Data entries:
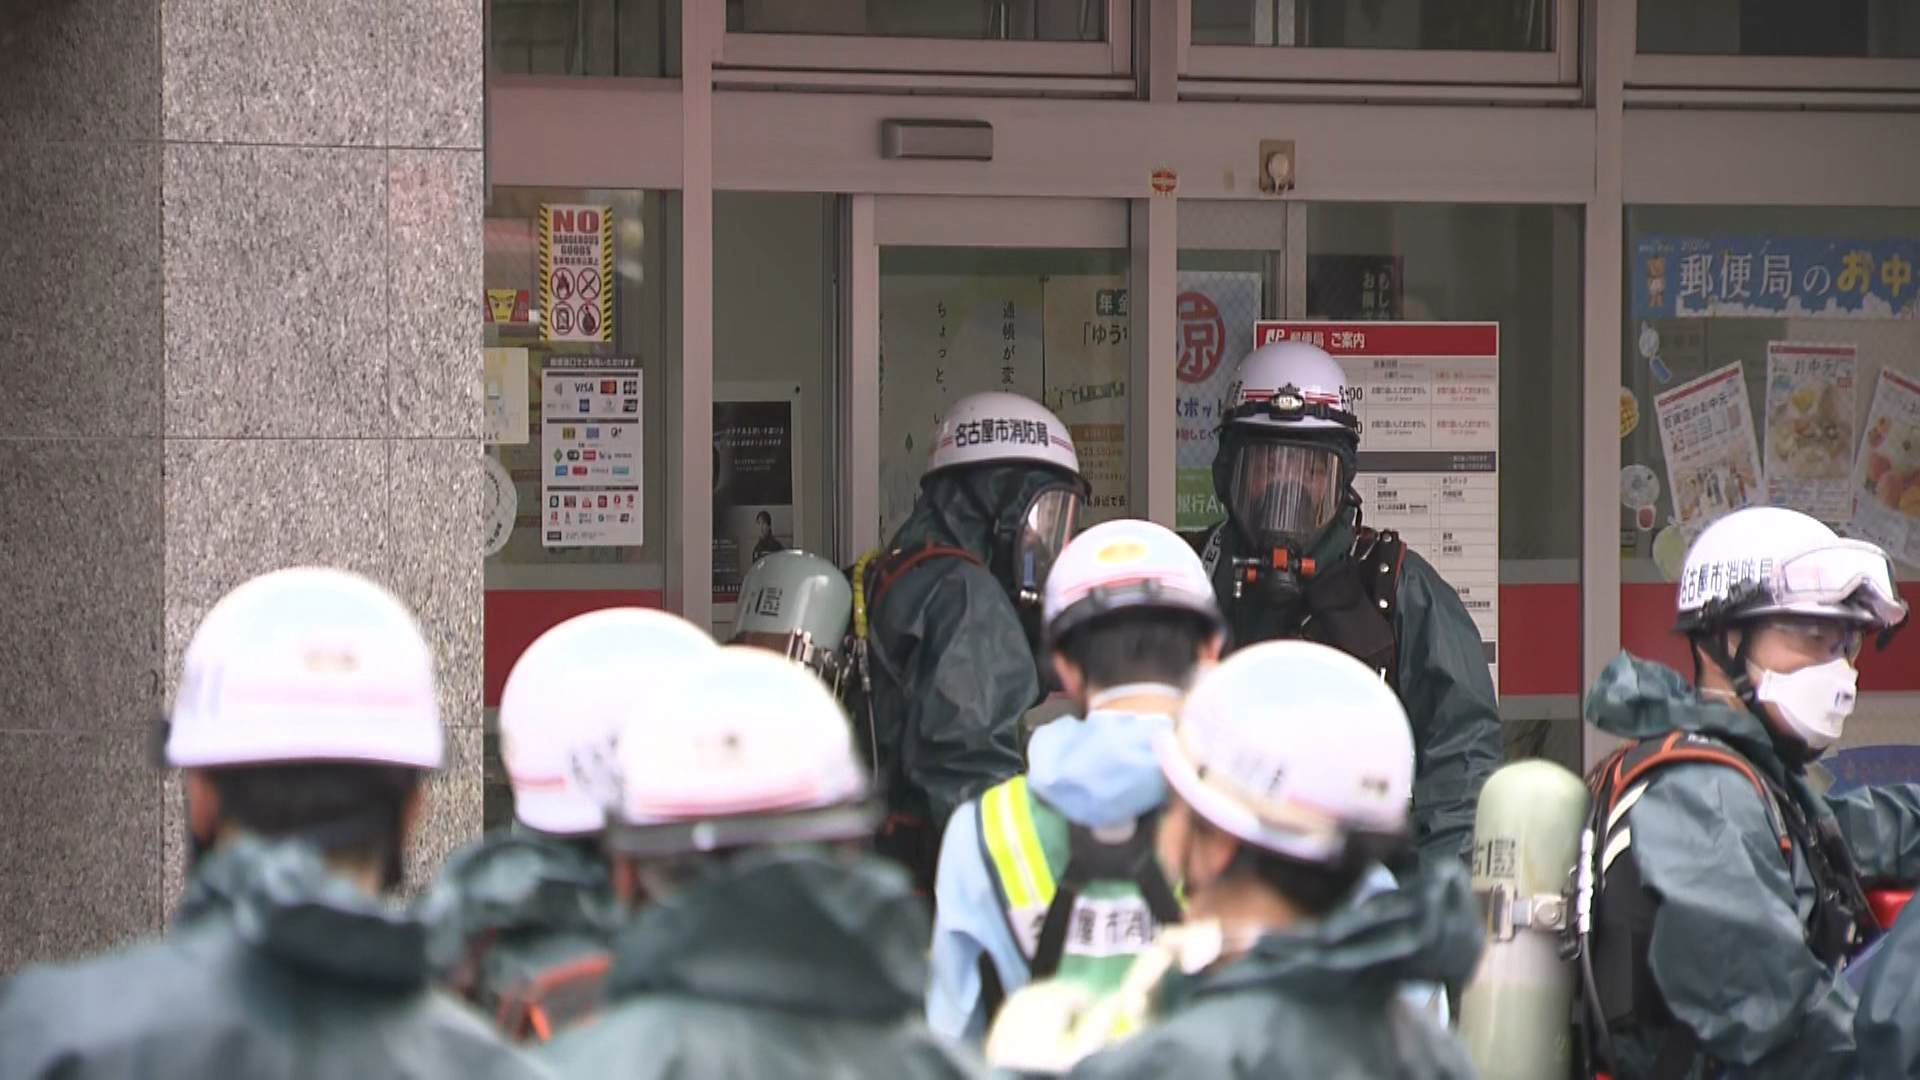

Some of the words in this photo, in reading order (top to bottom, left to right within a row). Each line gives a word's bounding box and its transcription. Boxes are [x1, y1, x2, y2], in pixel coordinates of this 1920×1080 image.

[553, 209, 600, 234] NO
[561, 245, 591, 255] GOODS
[1002, 301, 1015, 392] 通帳が変
[1331, 331, 1365, 348] ご案内
[575, 383, 594, 392] VISA
[955, 418, 1049, 448] 名古屋市消防局
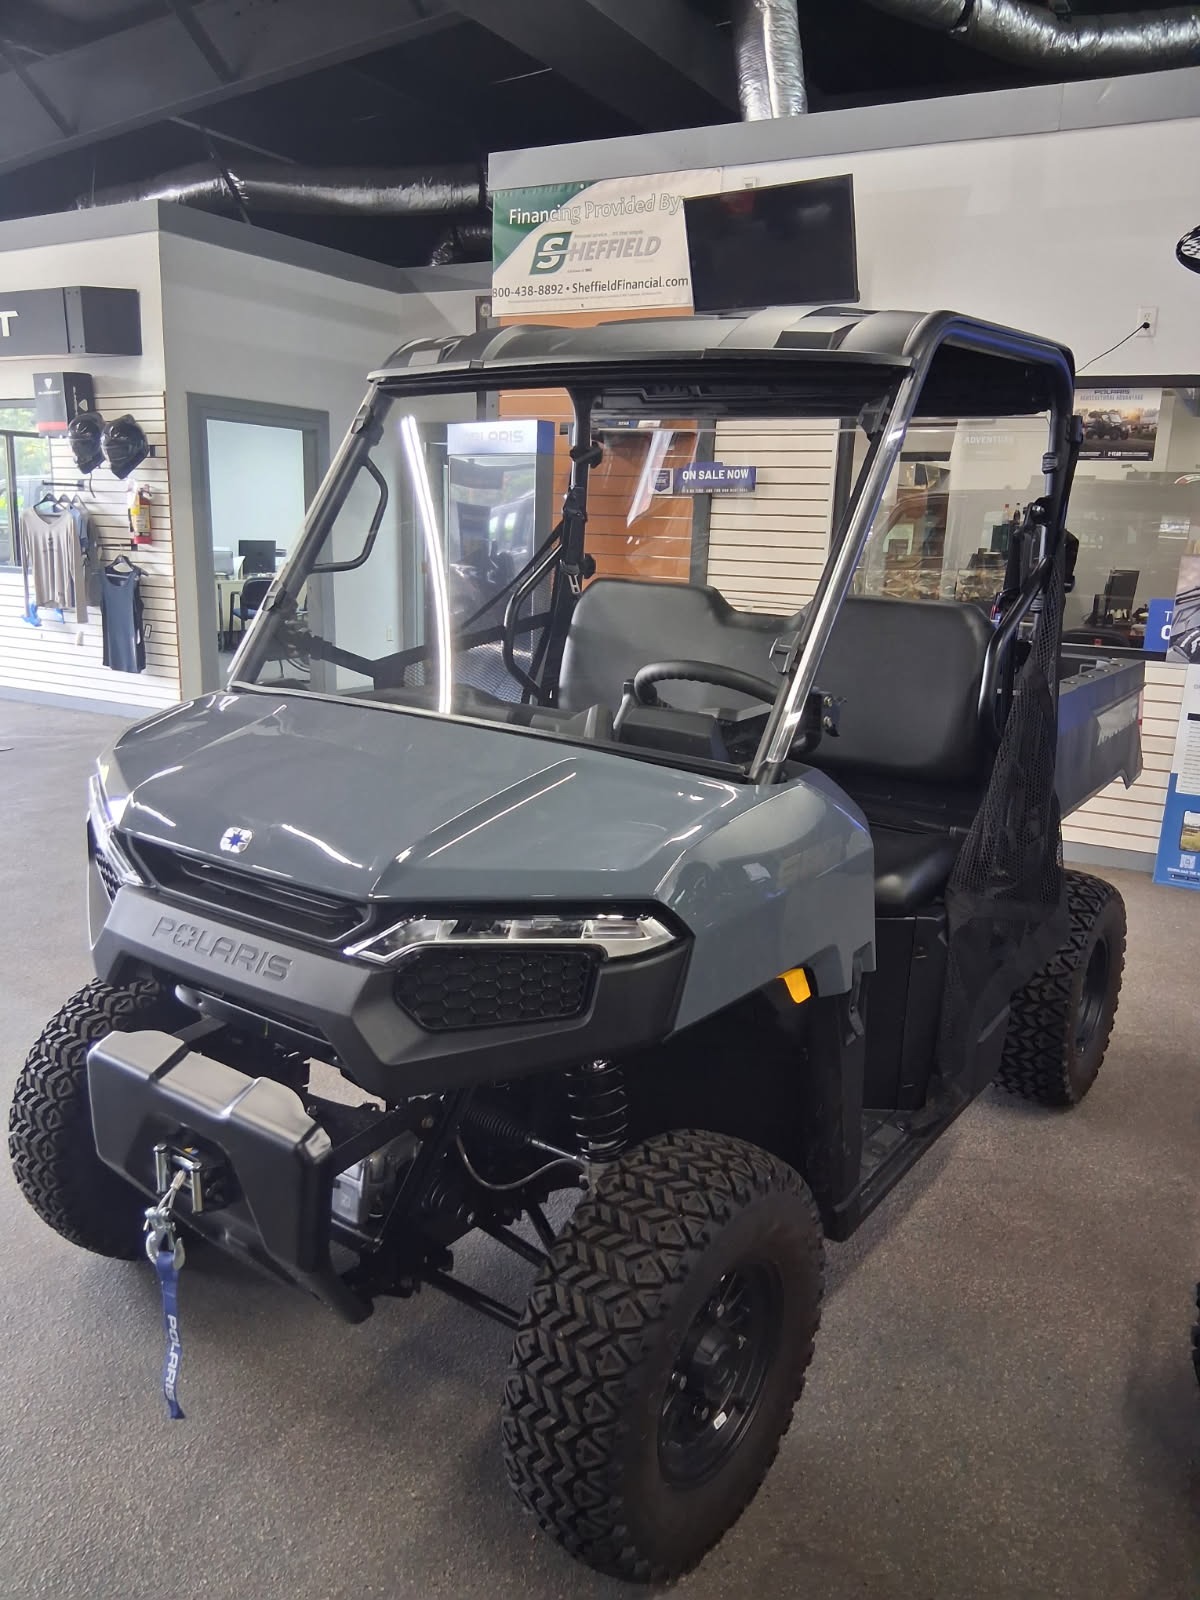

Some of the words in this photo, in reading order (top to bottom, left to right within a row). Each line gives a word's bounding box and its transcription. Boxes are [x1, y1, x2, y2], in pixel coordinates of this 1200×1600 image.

[509, 204, 581, 225] Financing
[585, 194, 655, 219] Provided
[535, 236, 661, 271] SHEFFIELD
[492, 284, 563, 298] 800-438-8892
[572, 276, 689, 293] SheffieldFinancial.com
[682, 470, 696, 480] ON
[698, 469, 725, 480] SALE
[727, 468, 749, 479] NOW
[152, 916, 293, 982] POLARIS
[165, 1314, 181, 1402] POLARIS
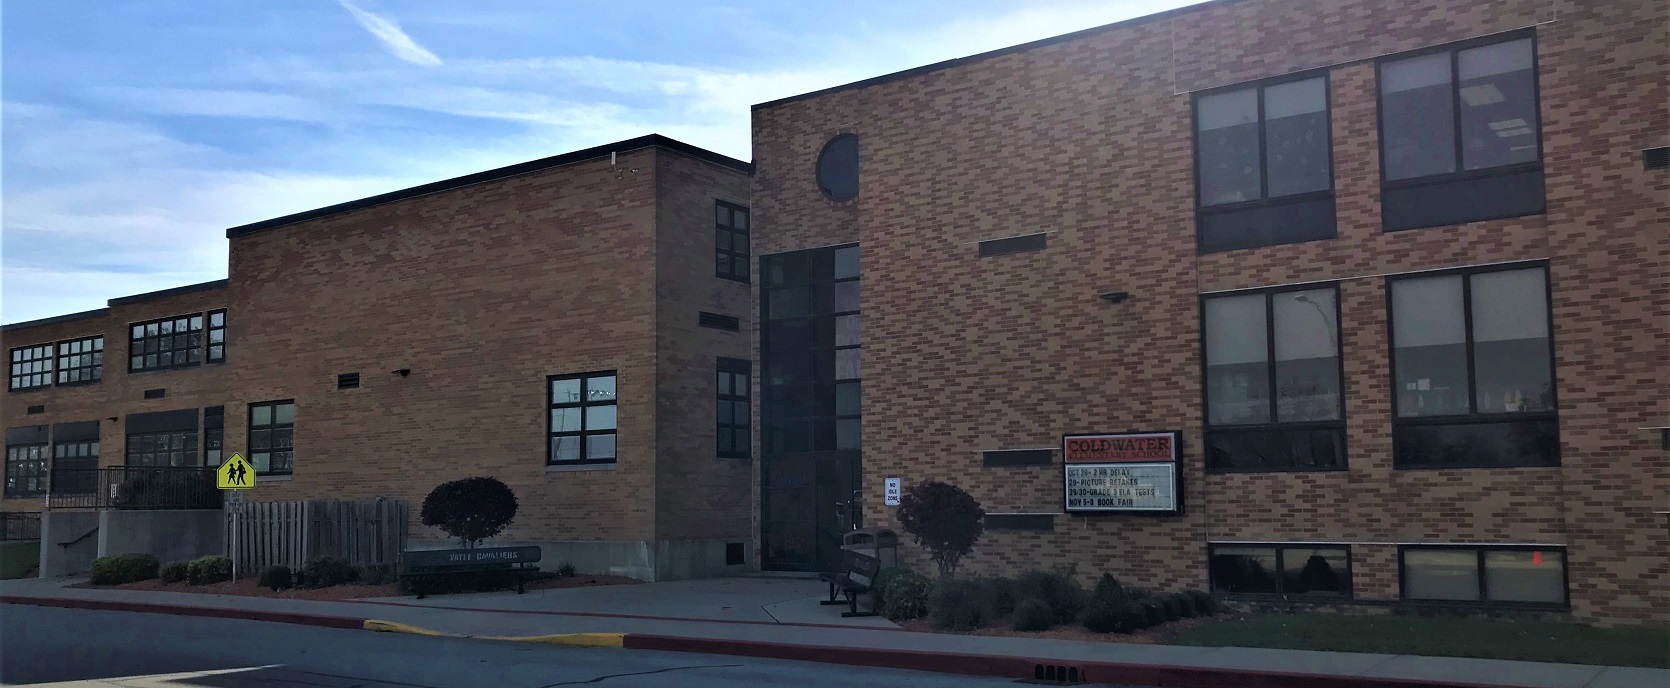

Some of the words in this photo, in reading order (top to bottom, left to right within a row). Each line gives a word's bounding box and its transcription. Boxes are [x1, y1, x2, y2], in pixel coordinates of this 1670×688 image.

[1068, 438, 1170, 452] COLDWATER
[1069, 451, 1126, 460] ELEMENTARY
[1132, 450, 1169, 458] SCHOOL
[1110, 468, 1130, 476] DELAY
[1109, 478, 1138, 486] RETAKES
[1135, 488, 1155, 496] TESTS
[1069, 498, 1081, 506] NOV
[1097, 498, 1114, 506] BOOK
[1117, 498, 1133, 506] FAIR

TRY IT: Your task is to give again, unchanged, the lines from the line that contains "this 1200×1600 image." to the end of the records. Include both end lines but no pictures.

ANSWER TO THIS TASK:
Some of the words in this photo, in reading order (top to bottom, left to right within a row). Each line gives a word's bounding box and its transcription. Boxes are [x1, y1, x2, y2], in pixel coordinates of this 1200×1600 image.

[509, 204, 581, 225] Financing
[585, 194, 655, 219] Provided
[535, 236, 661, 271] SHEFFIELD
[492, 284, 563, 298] 800-438-8892
[572, 276, 689, 293] SheffieldFinancial.com
[682, 470, 696, 480] ON
[698, 469, 725, 480] SALE
[727, 468, 749, 479] NOW
[152, 916, 293, 982] POLARIS
[165, 1314, 181, 1402] POLARIS

Some of the words in this photo, in reading order (top to bottom, left to right within a row). Each line gives a word's bounding box and its transcription. Boxes are [x1, y1, x2, y2], in pixel coordinates of this 1670×688 image.

[1068, 438, 1170, 452] COLDWATER
[1069, 451, 1126, 460] ELEMENTARY
[1132, 450, 1169, 458] SCHOOL
[1110, 468, 1130, 476] DELAY
[1109, 478, 1138, 486] RETAKES
[1135, 488, 1155, 496] TESTS
[1069, 498, 1081, 506] NOV
[1097, 498, 1114, 506] BOOK
[1117, 498, 1133, 506] FAIR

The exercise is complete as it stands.